(Text-to-region grounding data)
((
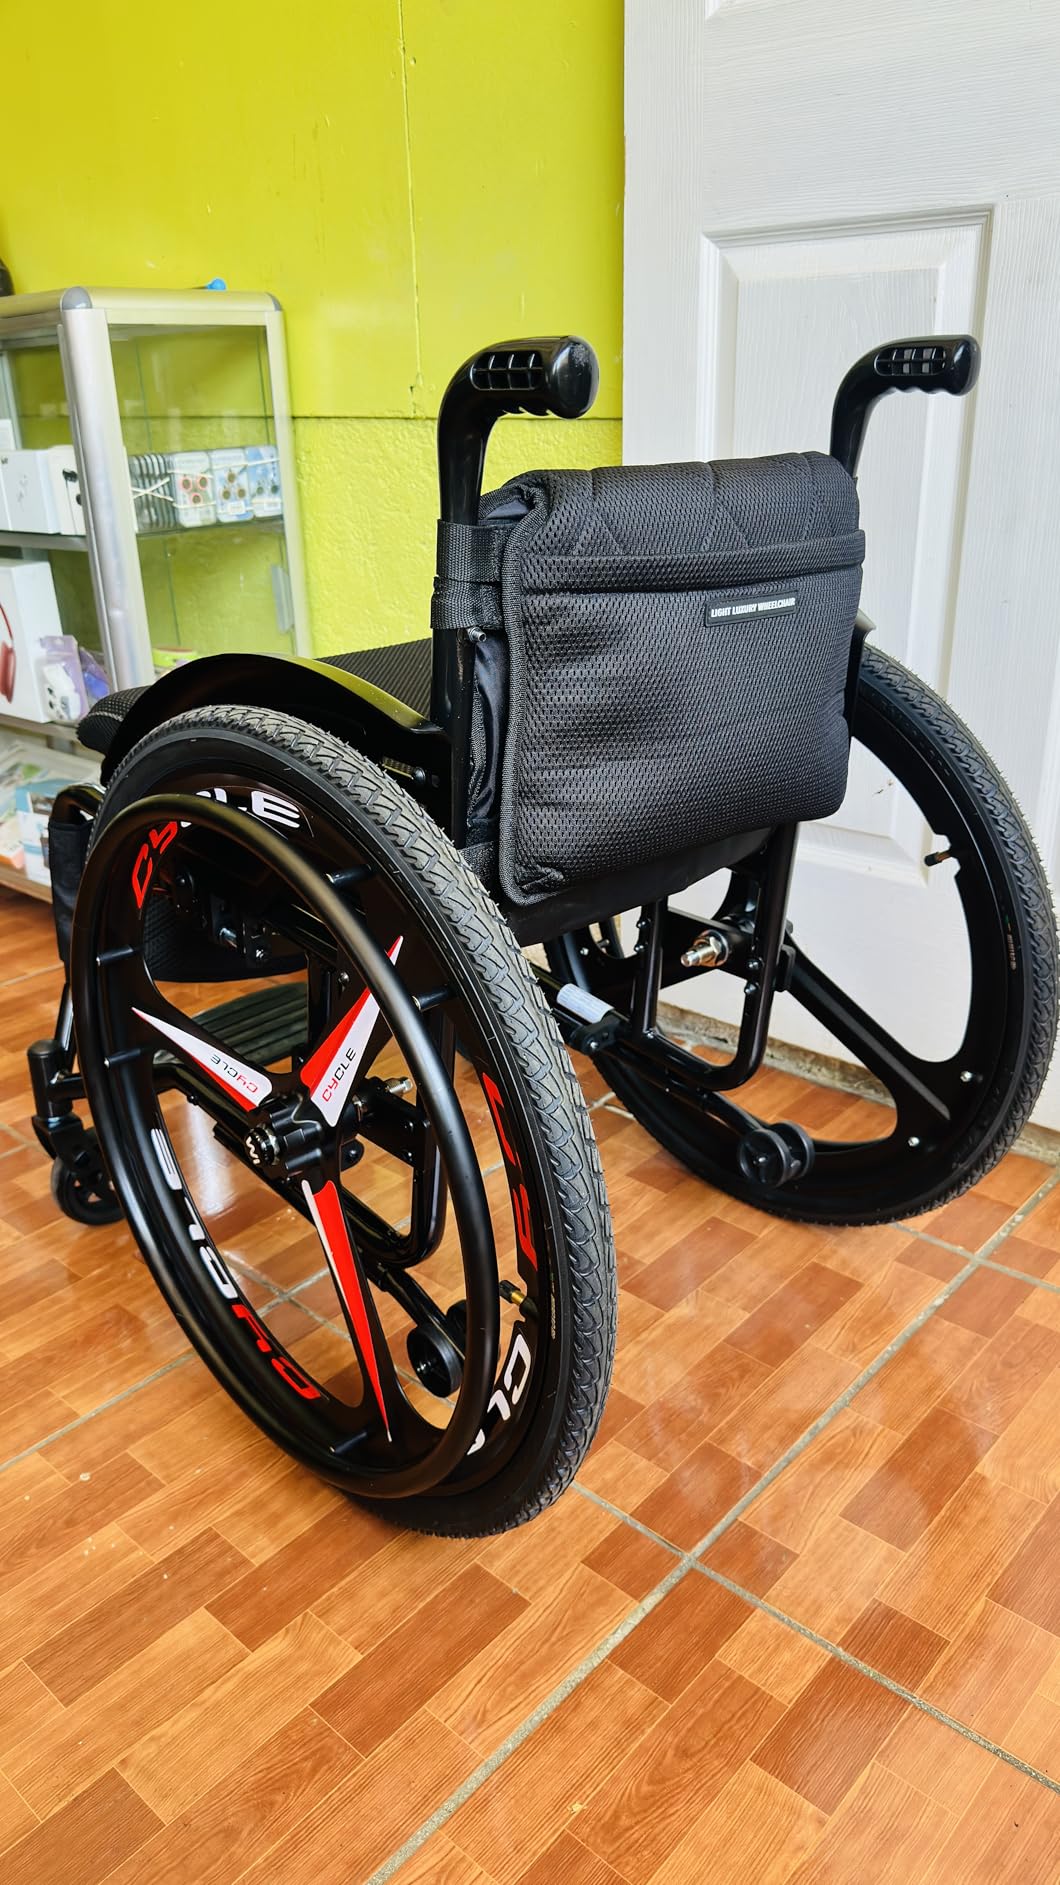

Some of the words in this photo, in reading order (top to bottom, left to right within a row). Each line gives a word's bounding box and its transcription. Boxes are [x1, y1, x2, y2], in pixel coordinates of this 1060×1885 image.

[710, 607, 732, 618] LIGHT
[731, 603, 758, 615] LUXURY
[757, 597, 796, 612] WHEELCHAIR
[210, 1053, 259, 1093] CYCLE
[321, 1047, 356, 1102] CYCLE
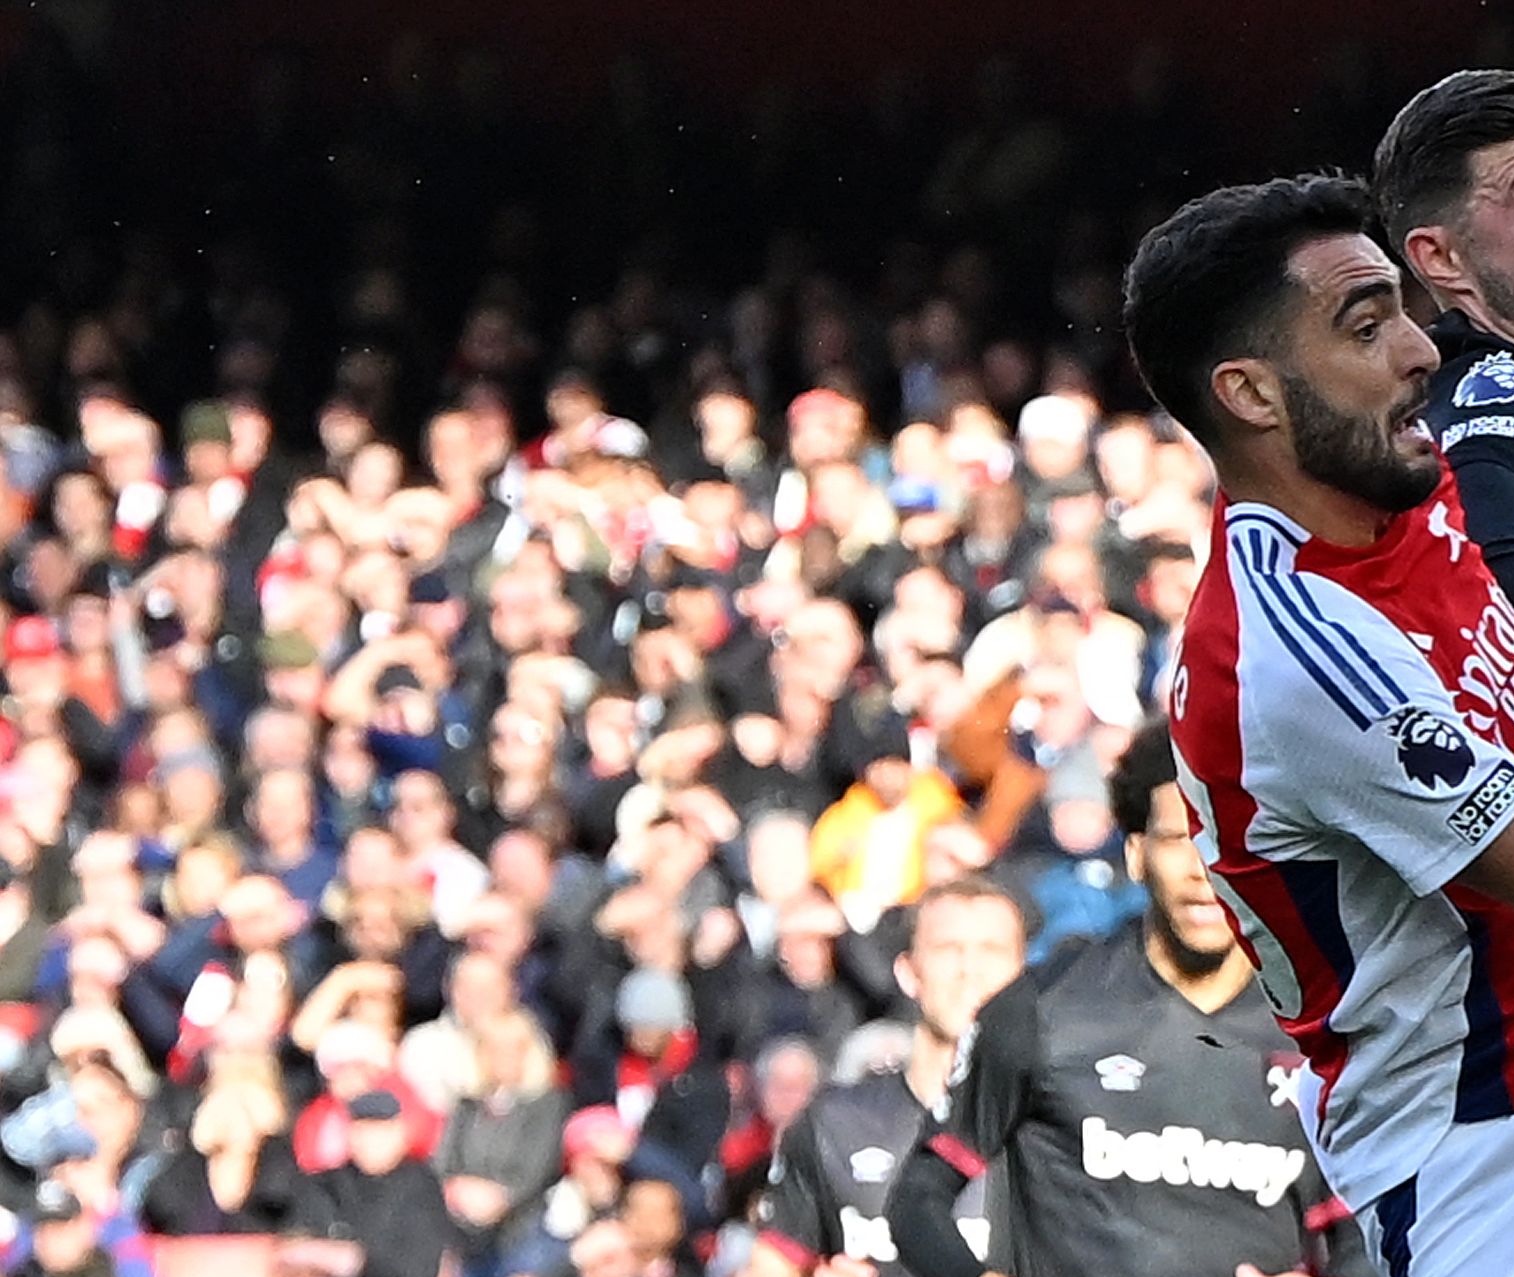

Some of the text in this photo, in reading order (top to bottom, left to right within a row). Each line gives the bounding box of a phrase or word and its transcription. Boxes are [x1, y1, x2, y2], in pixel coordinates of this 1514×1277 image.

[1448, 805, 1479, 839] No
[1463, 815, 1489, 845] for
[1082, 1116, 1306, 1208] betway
))
Repeat every line of the data exactly, but do not include pictures.

Some of the words in this photo, in reading order (top to bottom, left to right within a row). Each line gives a word's bounding box and its transcription. Boxes are [x1, y1, x2, y2], in pixel coordinates of this 1060×1885 image.

[710, 607, 732, 618] LIGHT
[731, 603, 758, 615] LUXURY
[757, 597, 796, 612] WHEELCHAIR
[210, 1053, 259, 1093] CYCLE
[321, 1047, 356, 1102] CYCLE

Some of the text in this photo, in reading order (top to bottom, left to right within a row). Each line gives the bounding box of a phrase or word and its transcription. Boxes are [x1, y1, x2, y2], in pixel coordinates of this 1514×1277 image.

[1448, 805, 1479, 839] No
[1463, 815, 1489, 845] for
[1082, 1116, 1306, 1208] betway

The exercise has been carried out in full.